Ma la storia lasciò l'uomo
al numero 1981
e l'uomo come congelato
non intravedeva il suo destino.
Non era il capolinea,
qualcosa doveva accadere,
lo suggeriva una fede spontanea
che non era ancora il tempo di morire.
Il vecchio saggio
e il bimbo appena nato
guardavano la notte
dove il caso è in agguato.
E la notte
lasciava intravedere la notte
col trucco metafisico e scioccante
che l'è proprio
le cose che riuscivano a stupire
il bimbo e il vecchio
come ad esempio su di un cielo eterno
un grattacielo illuminato di "pistacchio".
Il vecchio saggio
e il bimbo tra le braccia della mamma
di fronte a quella strana meraviglia
rinnovarono il dilemma
se quelle cose colorate e straordinarie
sarebbero col tempo diventate,
se a Dio fosse piaciuto,
necessarie.
Ma di una cosa siamo certi
che i loro occhi vedevano,
non so se con fiducia o senza scampo
quell?enorme assurdità che è il tempo.
Signore Iddio, non so se faccia bene o faccia male
assistere ogni tanto al tuo definitivo e ricorrente funerale.

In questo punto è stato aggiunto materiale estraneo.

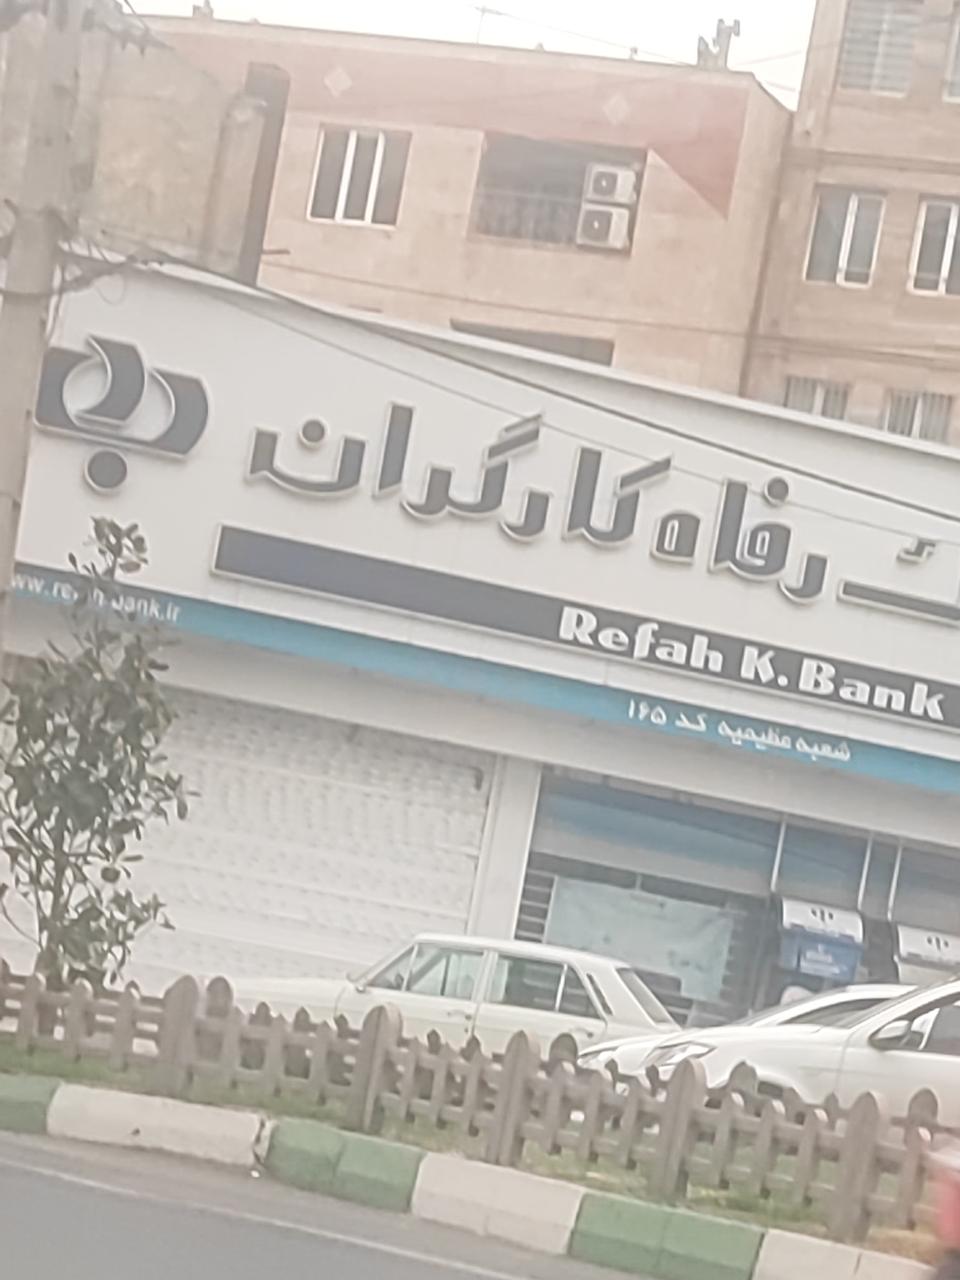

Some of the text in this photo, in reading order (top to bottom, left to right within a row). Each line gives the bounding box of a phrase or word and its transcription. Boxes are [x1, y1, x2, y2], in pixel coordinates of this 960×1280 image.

[246, 401, 672, 546] کارگران
[650, 476, 829, 602] رفاه
[558, 606, 723, 672] Refah
[675, 711, 708, 733] کد
[717, 719, 792, 750] عظیمیه
[795, 740, 851, 762] شعبه

Questa volta c'era poca gente,
troppo poca gente,
di cardinali e papi non se ne son visti,
del resto i tuoi ministri
sono troppo effettuali,
a noi piaceva immaginarli un po' più metafisici e mentali
a noi che siamo i più ultimi fedeli,
ma a scanso di fraintesi non faccio il polemista per mestiere,
cerco solo di capire,
di capire come fa la gente a vivere contenta
senza la forza vitale di una spinta,
di capire come fa la gente che vive
senza correr dietro a niente.
E? vero sono un po' anarcoide e pieno di livore
ma in questo mondo troppo sazio di analisi brillanti e di torpore
ci sarà pure un po' di spazio per chi si vuole sputtanare,
perché piuttosto che giocare con le più acute e raffinate astuzie del cervello
e meglio ricoprirsi di merda fino al collo
e tirar fuori una rabbia spudorata di chi è stupido ma crede
e urla il suo bisogno disperato di una fede.
Perché Dio c'è ancora,
Dio c'è ancora, io insisto,
Dio c'è ancora, altrimenti io non esisto.

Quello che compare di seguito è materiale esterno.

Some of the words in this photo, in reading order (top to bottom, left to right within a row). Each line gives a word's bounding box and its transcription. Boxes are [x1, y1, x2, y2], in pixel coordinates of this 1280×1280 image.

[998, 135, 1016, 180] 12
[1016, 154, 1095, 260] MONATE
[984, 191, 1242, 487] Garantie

E' un Dio inconsueto, che non ha niente di assoluto,
è un Dio che non conosce il bene e il male
figuriamoci il sociale,
è un Dio severo che con magica ironia
ci diede insieme il falso e il vero,
è un Dio inventato, senza altari, né vangeli
ma è l'unica mia spinta in questo mondo di infedeli.
Signore Iddio, non so se faccia bene o faccia male
assistere ogni tanto al tuo definitivo e ricorrente funerale.
C'era poca gente appunto,
troppo poca gente
e rimpiangevo le piccole sapienze
che ogni trapasso lascia
e poi non resta niente
e mi veniva il mente quando si credeva come dei bambini
e insieme a tre ragazzi finiti male si livellava destini,
ma come fate ora a vivere e a morire
senza qualcosa da inseguire,
ma come fate a viver tra la gente
con l'anima neutrale e indifferente.
E' vero si perde un po' il pudore a riparlare di morale
però mi fa un po' schifo saltellare dal fanatismo più feroce
all?abbandono più totale,
e praticare nei salotti la tecnica furbastra
di fare a gara chi è più a destra.
Confronto a questi ironici infedeli senza il minimo spessore
è molto meglio la mancanza più assoluta di pudore,
confronto allo snobismo dei guardoni distaccati e intelligenti
è molto meglio persino la retorica dei vecchi sentimenti,
è molto meglio l'urlo disperato di un coglione
che muore e che ha bisogno di una nuova religione.
Perché Dio c'è ancora,
Dio c'è ancora, io insisto,
Dio c'è ancora, altrimenti mi annoio e non esisto.
E' un Dio incostante,
che non ha mai fermato niente,
è un Dio che si rincorre senza scampo,
è l'immagine del tempo,
è un Dio un po' strano che ci insegna la follia
di ribaltare sempre il piano,
è un Dio ancestrale che è l'essenza del pensiero,
la forza naturale che mi spinge verso il vero.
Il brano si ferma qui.